Preface [Hot Topic: Cytochrome P450 and Diseases: Implications in Drug Metabolism and Pathophysiology (Guest Editor: Vincent Pichette)]

Several decades ago, scientists showed the existence of a hemoprotein implicated in the metabolism of foreign and endogenous compounds. This enzyme was further shown to be part of a superfamily named cytochrome P450 (CYP450). Today, this family comprises more than 150 different isoforms distributed among multicellular organisms such as animals, vegetables as well as fungi. CYP450 is implicated in the metabolism of lipids, steroids, vitamins, bile acids, prostaglandins and many other endogenous molecules. Thus, it is essential for homeostasis. But CYP450 does much more than that. It is directly implicated in the elimination of toxic substances which can interfere with body functions if they accumulate.
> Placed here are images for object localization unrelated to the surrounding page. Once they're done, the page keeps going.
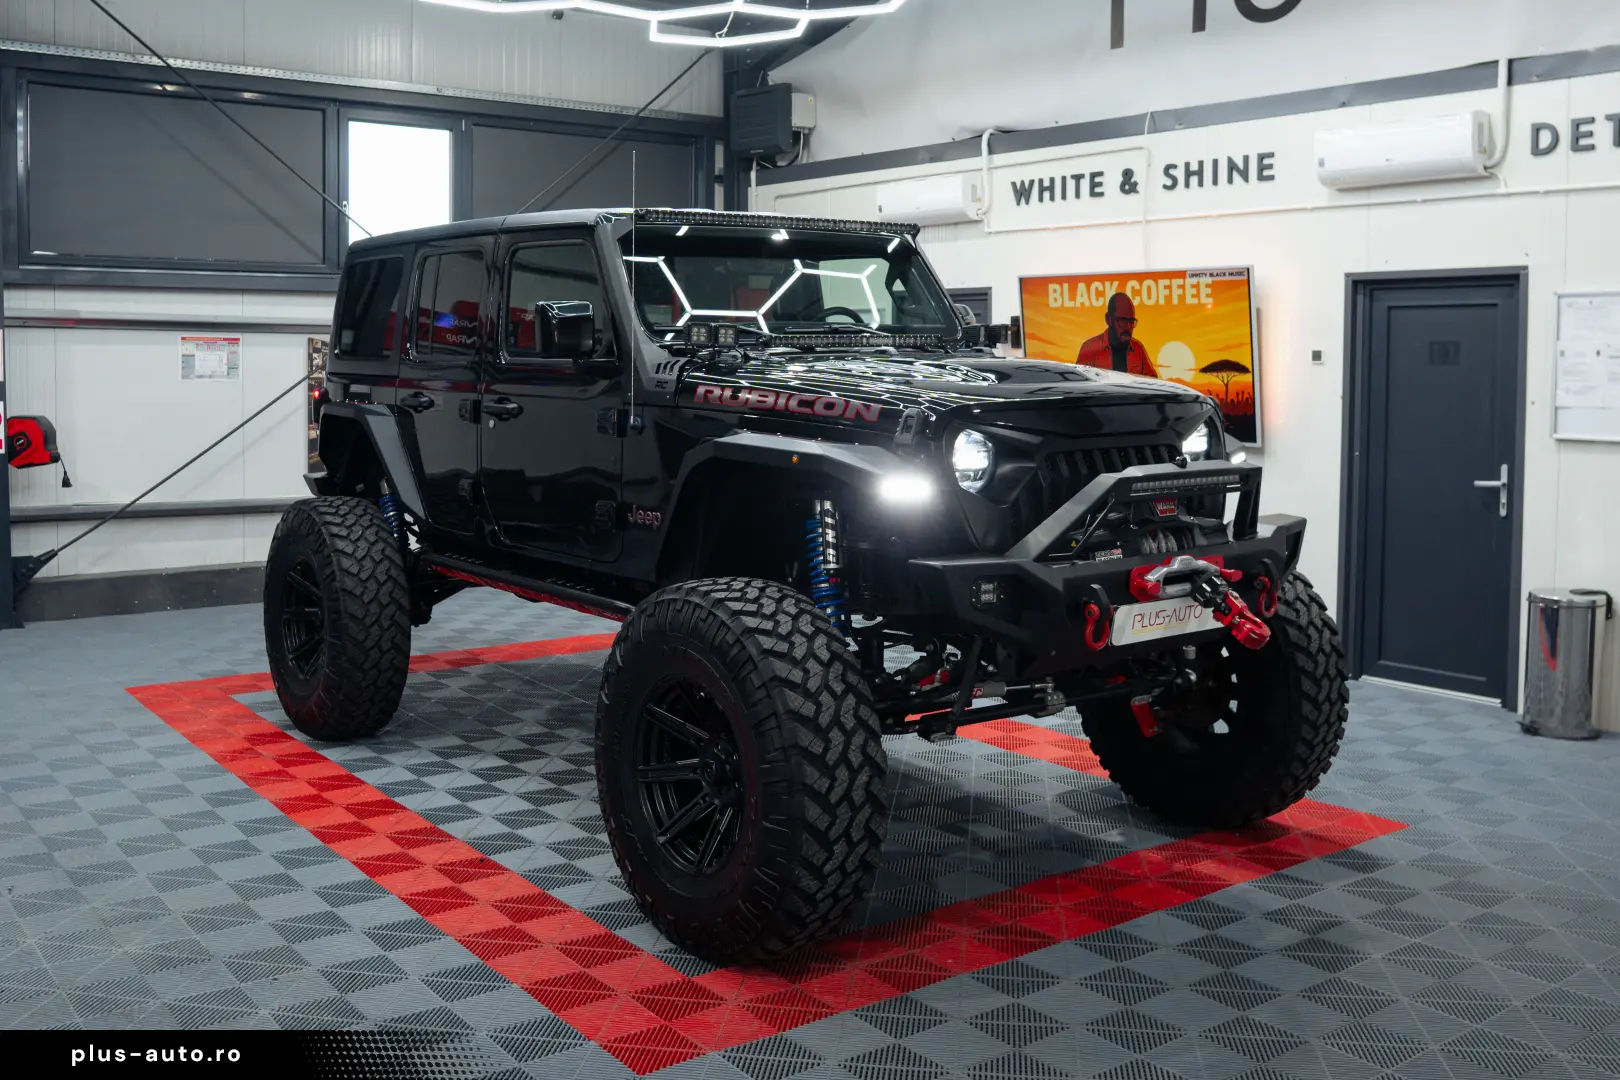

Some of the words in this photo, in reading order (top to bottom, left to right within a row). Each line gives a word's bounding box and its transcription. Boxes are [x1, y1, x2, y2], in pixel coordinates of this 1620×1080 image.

[1010, 170, 1105, 207] WHITE
[1119, 167, 1140, 195] &
[1162, 151, 1276, 191] SHINE
[1048, 280, 1119, 308] BLACK
[1126, 278, 1214, 306] COFFEE
[694, 384, 883, 422] RUBICON
[627, 504, 662, 530] Jeep
[1131, 604, 1203, 630] PLUS-AUTO
CYP450 plays also a key role in the acquisition of toxic characteristics by some xenobiotics like heterocyclic aromatic amines that are metabolized to carcinogenic products. Finally, studies of the CYP450 enlighten its outstanding participation in the metabolism of numerous drugs that are used in modern medicine. Recently, CYP450 research has focussed on its role in the pathophysiology of common diseases, particularly cancer and hypertension. Here, we exhaustively review certain diseases where CYP450 is either modified by a particular clinical situation, or implicated in the pathophysiology. Thus, senior authors have reviewed the current knowledge on the impact of liver diseases, inflammation, hypoxia and stroke on the activity of CYP450 and, consequently on the metabolism of various molecules. The direct or indirect implications of CYP450 in the pathophysiology of several conditions such as hypertension, cancer, and brain dysfunction are also review.